● Exercise goal:
For every line in the material, output its text exactly and exclude any image it holds.

● Material for this exercise:

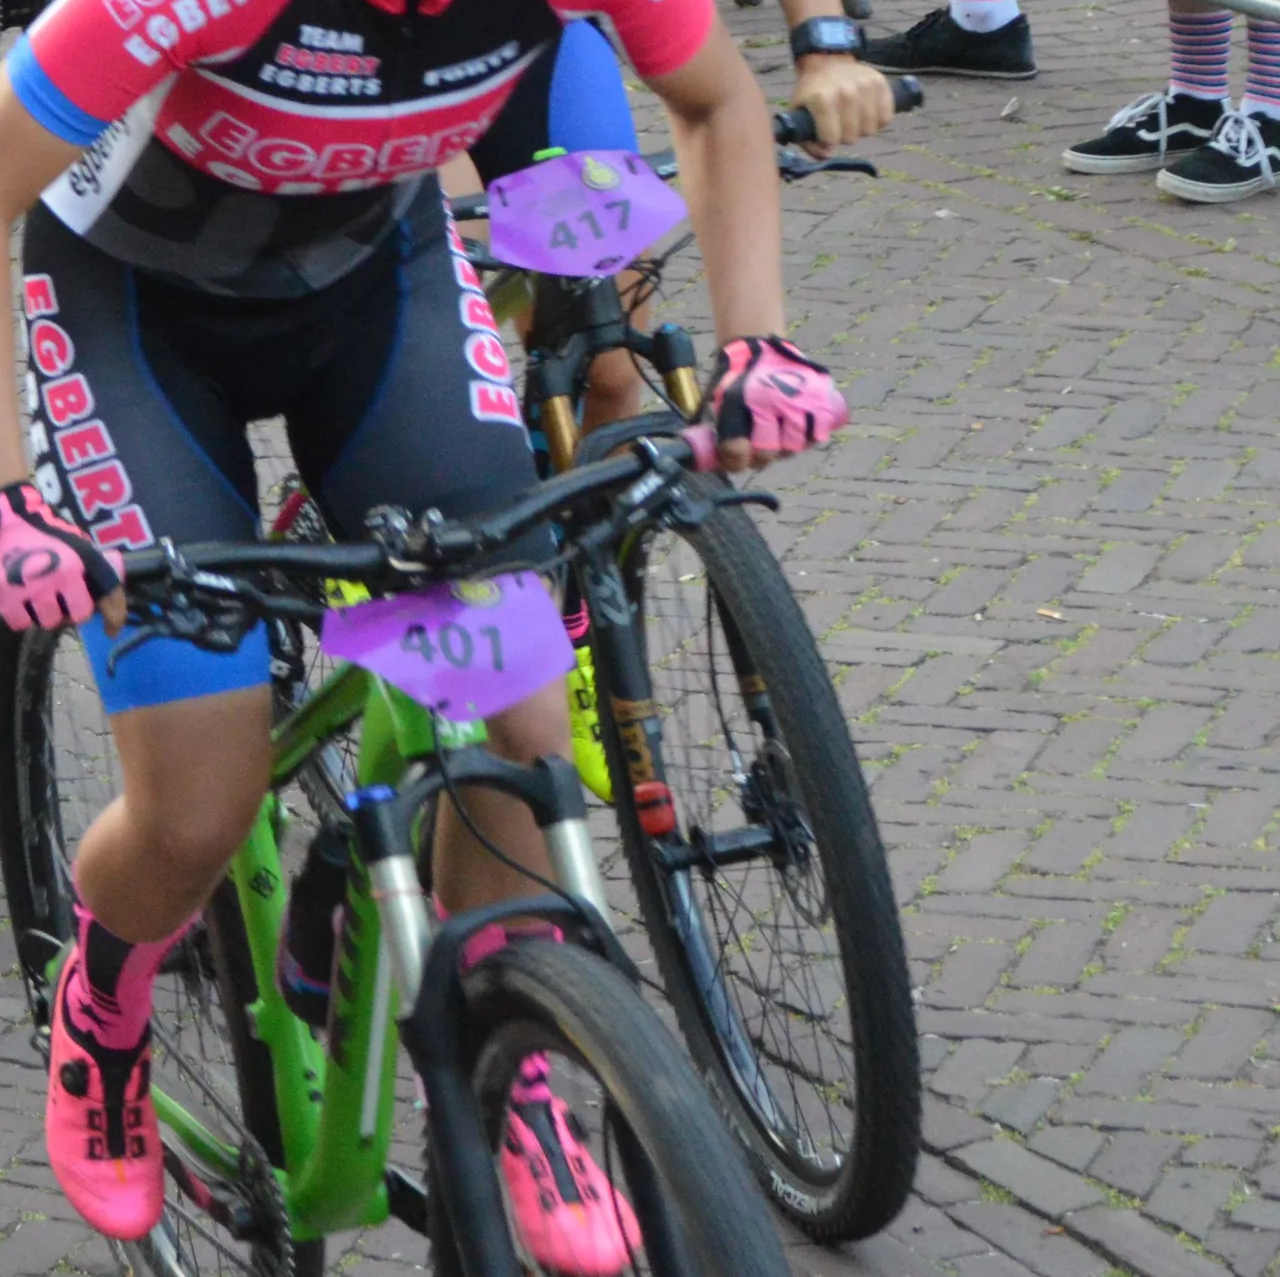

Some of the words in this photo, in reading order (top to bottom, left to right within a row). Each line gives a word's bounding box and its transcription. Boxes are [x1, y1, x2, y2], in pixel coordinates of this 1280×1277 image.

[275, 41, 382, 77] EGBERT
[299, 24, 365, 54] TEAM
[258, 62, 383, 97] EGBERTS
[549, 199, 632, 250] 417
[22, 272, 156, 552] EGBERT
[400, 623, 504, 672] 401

● Solution to this problem:
Some of the words in this photo, in reading order (top to bottom, left to right within a row). Each line gives a word's bounding box and its transcription. Boxes are [x1, y1, x2, y2], in pixel coordinates of this 1280×1277 image.

[275, 41, 382, 77] EGBERT
[299, 24, 365, 54] TEAM
[258, 62, 383, 97] EGBERTS
[549, 199, 632, 250] 417
[22, 272, 156, 552] EGBERT
[400, 623, 504, 672] 401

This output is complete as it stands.